Records from a collection
>>>
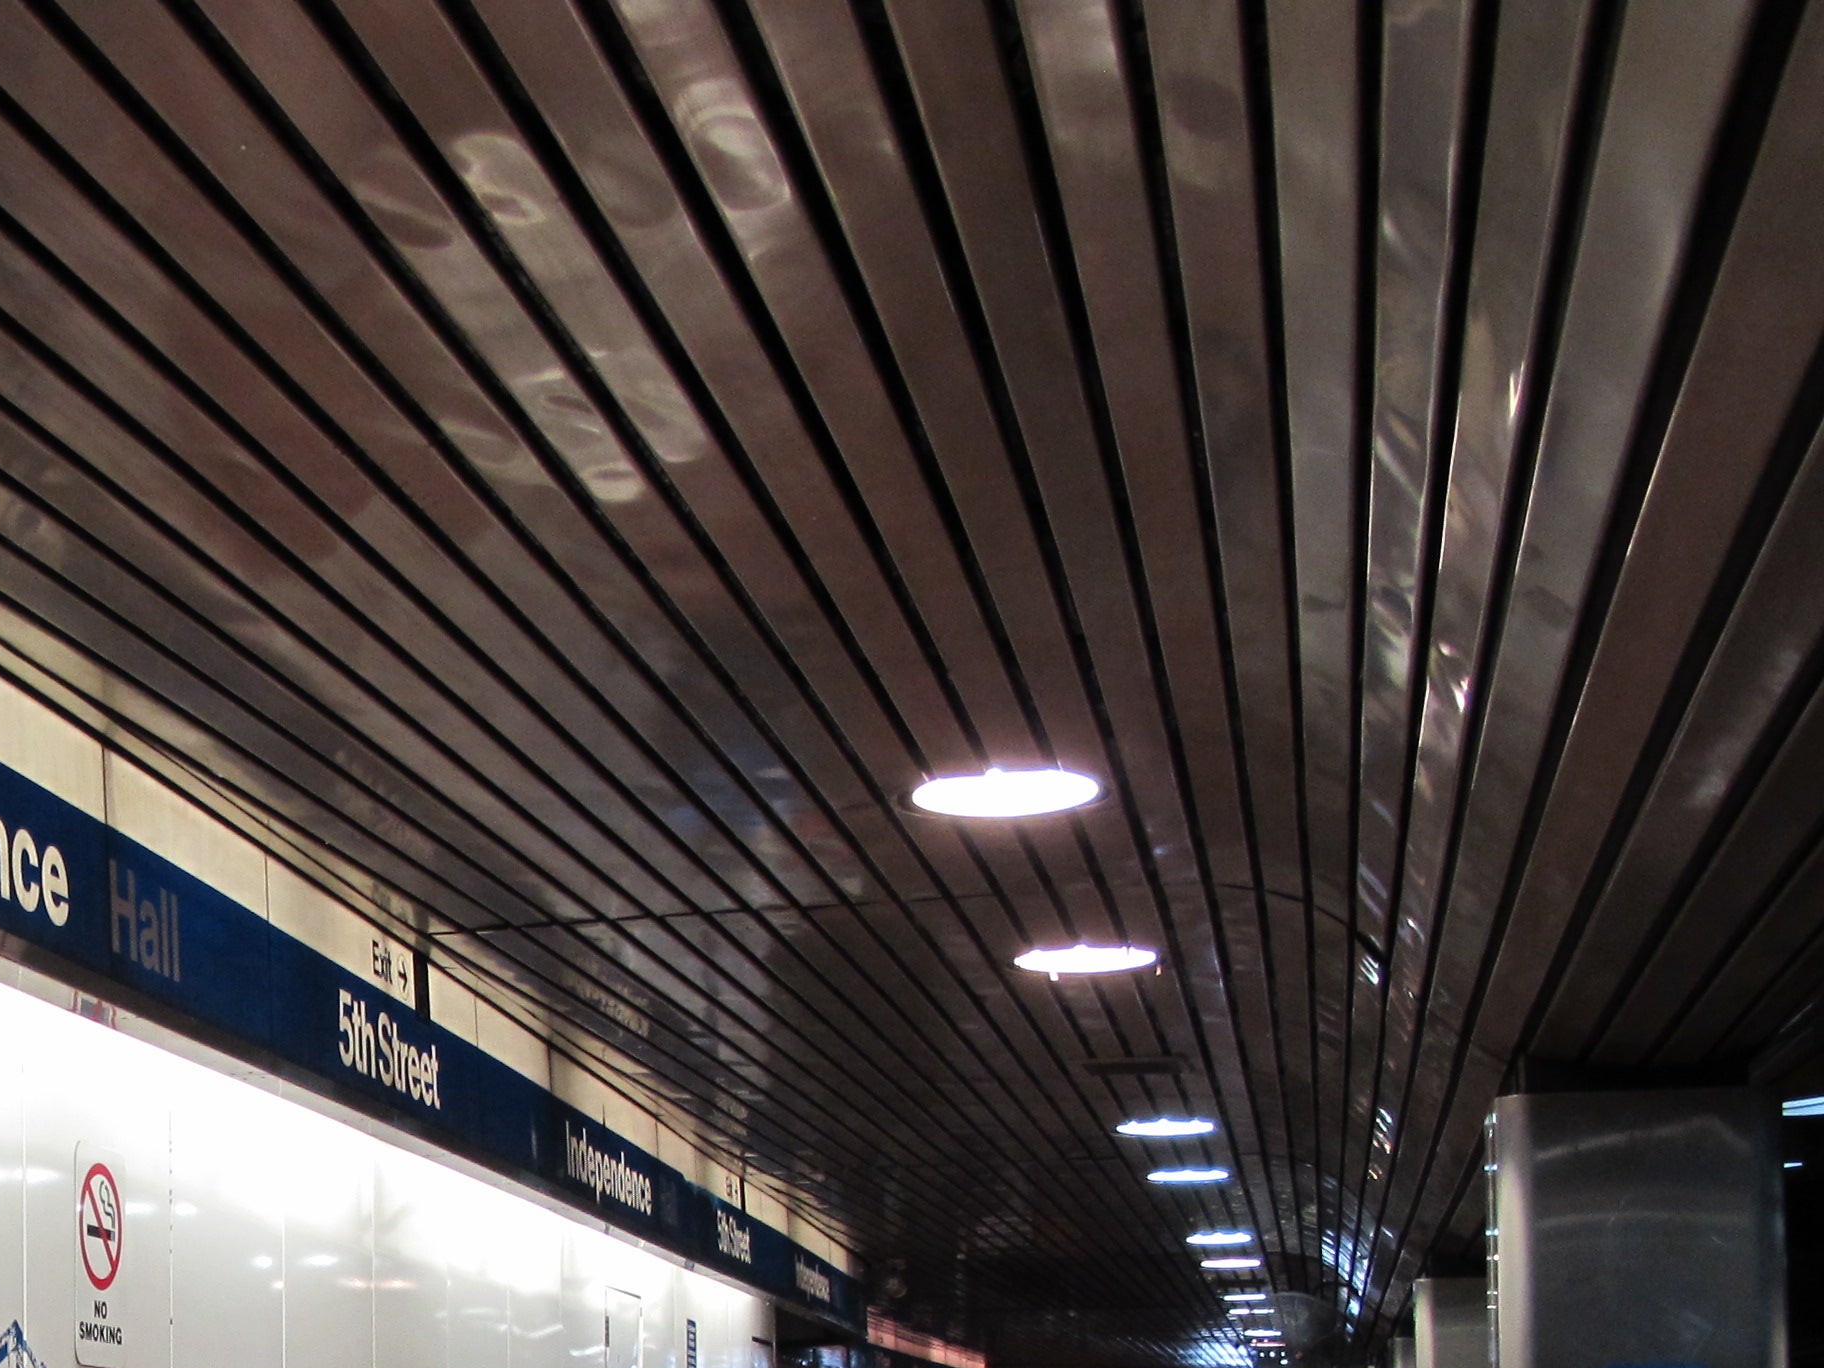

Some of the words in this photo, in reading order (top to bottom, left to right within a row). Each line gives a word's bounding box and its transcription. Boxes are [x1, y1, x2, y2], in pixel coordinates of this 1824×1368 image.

[108, 858, 181, 982] Hall
[372, 939, 393, 985] Exit
[338, 988, 376, 1080] 5th
[377, 1011, 441, 1110] Street
[565, 1120, 653, 1216] Independence
[79, 1321, 123, 1346] SMOKING
[93, 1300, 108, 1320] NO
<<<
Work request: All of the lines above should be printed exactly, minus the pictures.

Response to the exercise:
Some of the words in this photo, in reading order (top to bottom, left to right within a row). Each line gives a word's bounding box and its transcription. Boxes are [x1, y1, x2, y2], in pixel coordinates of this 1824×1368 image.

[108, 858, 181, 982] Hall
[372, 939, 393, 985] Exit
[338, 988, 376, 1080] 5th
[377, 1011, 441, 1110] Street
[565, 1120, 653, 1216] Independence
[79, 1321, 123, 1346] SMOKING
[93, 1300, 108, 1320] NO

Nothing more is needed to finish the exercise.